(Exercise)
This exercise calls for duplicating every entry below exactly, without the images.

(Source data)
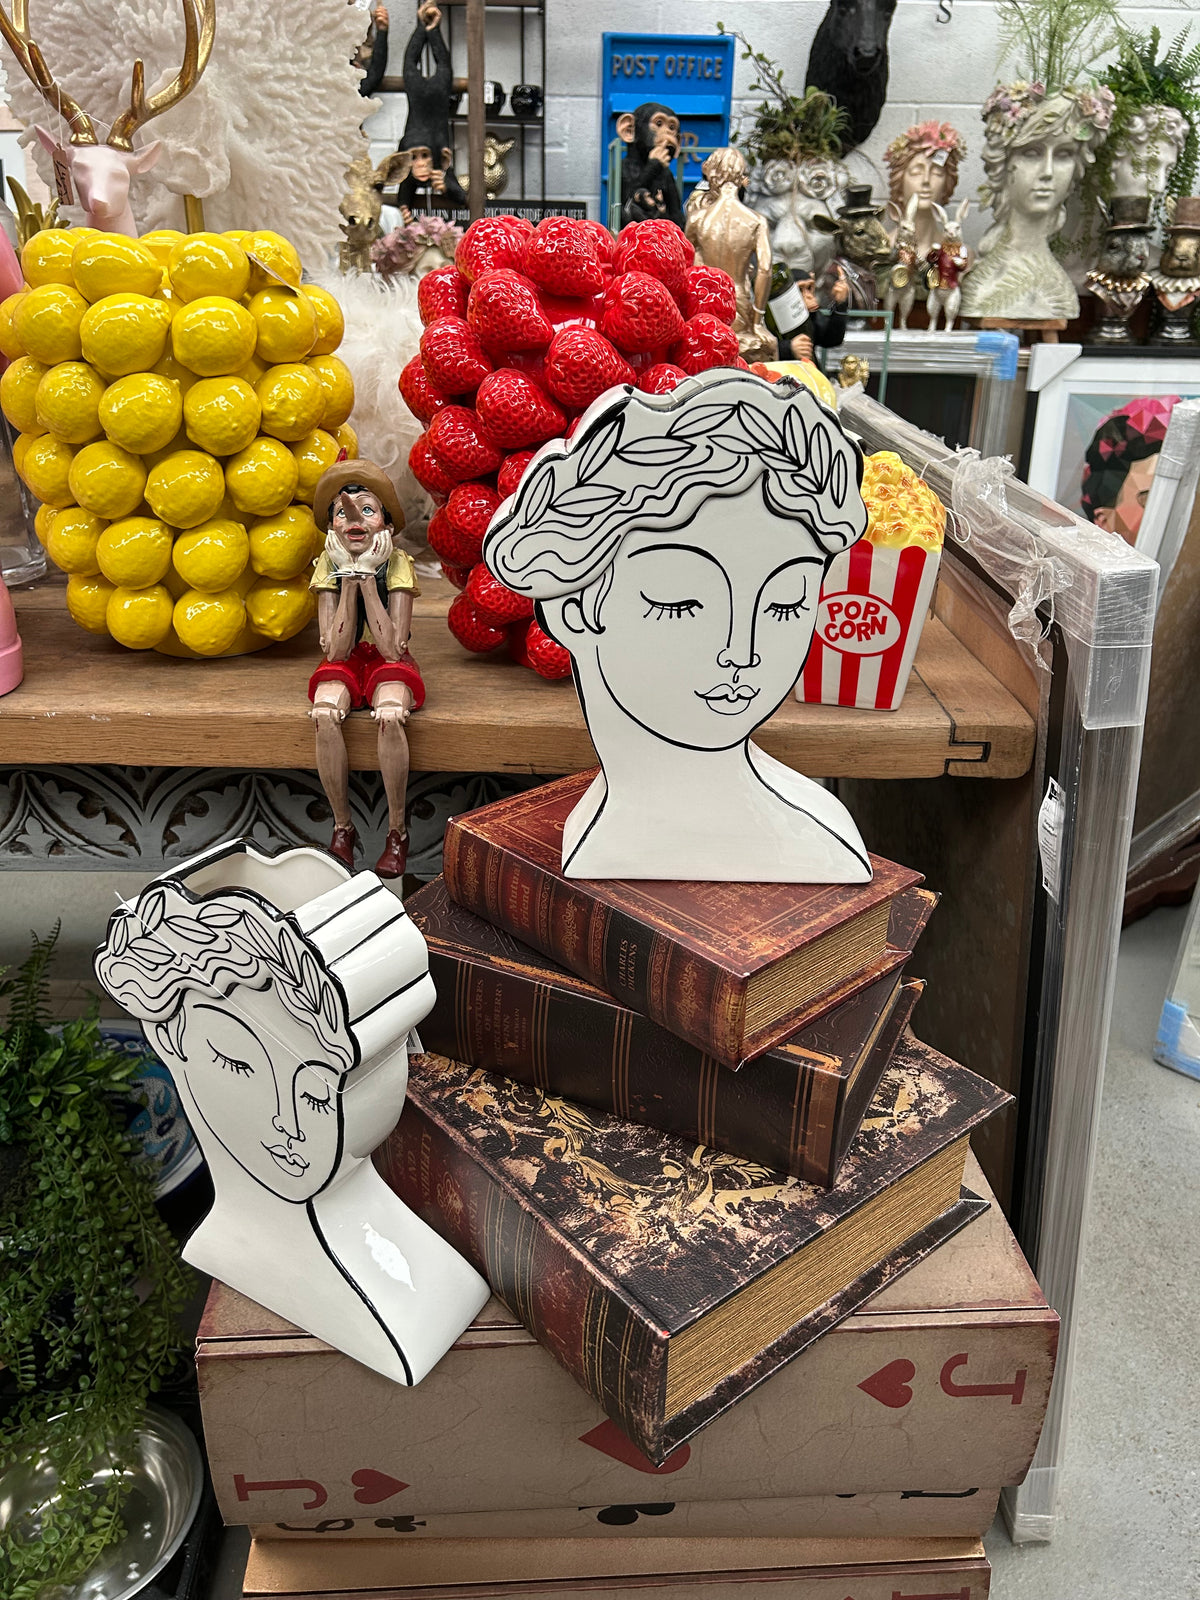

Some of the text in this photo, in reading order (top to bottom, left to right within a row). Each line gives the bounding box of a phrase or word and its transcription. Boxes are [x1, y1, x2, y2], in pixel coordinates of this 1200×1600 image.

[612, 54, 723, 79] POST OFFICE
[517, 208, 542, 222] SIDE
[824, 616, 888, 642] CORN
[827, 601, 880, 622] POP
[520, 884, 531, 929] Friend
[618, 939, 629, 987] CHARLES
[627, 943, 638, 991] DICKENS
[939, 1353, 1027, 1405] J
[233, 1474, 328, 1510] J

(Exercise answer)
Some of the text in this photo, in reading order (top to bottom, left to right within a row). Each line gives the bounding box of a phrase or word and its transcription. Boxes are [x1, y1, x2, y2], in pixel coordinates of this 1200×1600 image.

[612, 54, 723, 79] POST OFFICE
[517, 208, 542, 222] SIDE
[824, 616, 888, 642] CORN
[827, 601, 880, 622] POP
[520, 884, 531, 929] Friend
[618, 939, 629, 987] CHARLES
[627, 943, 638, 991] DICKENS
[939, 1353, 1027, 1405] J
[233, 1474, 328, 1510] J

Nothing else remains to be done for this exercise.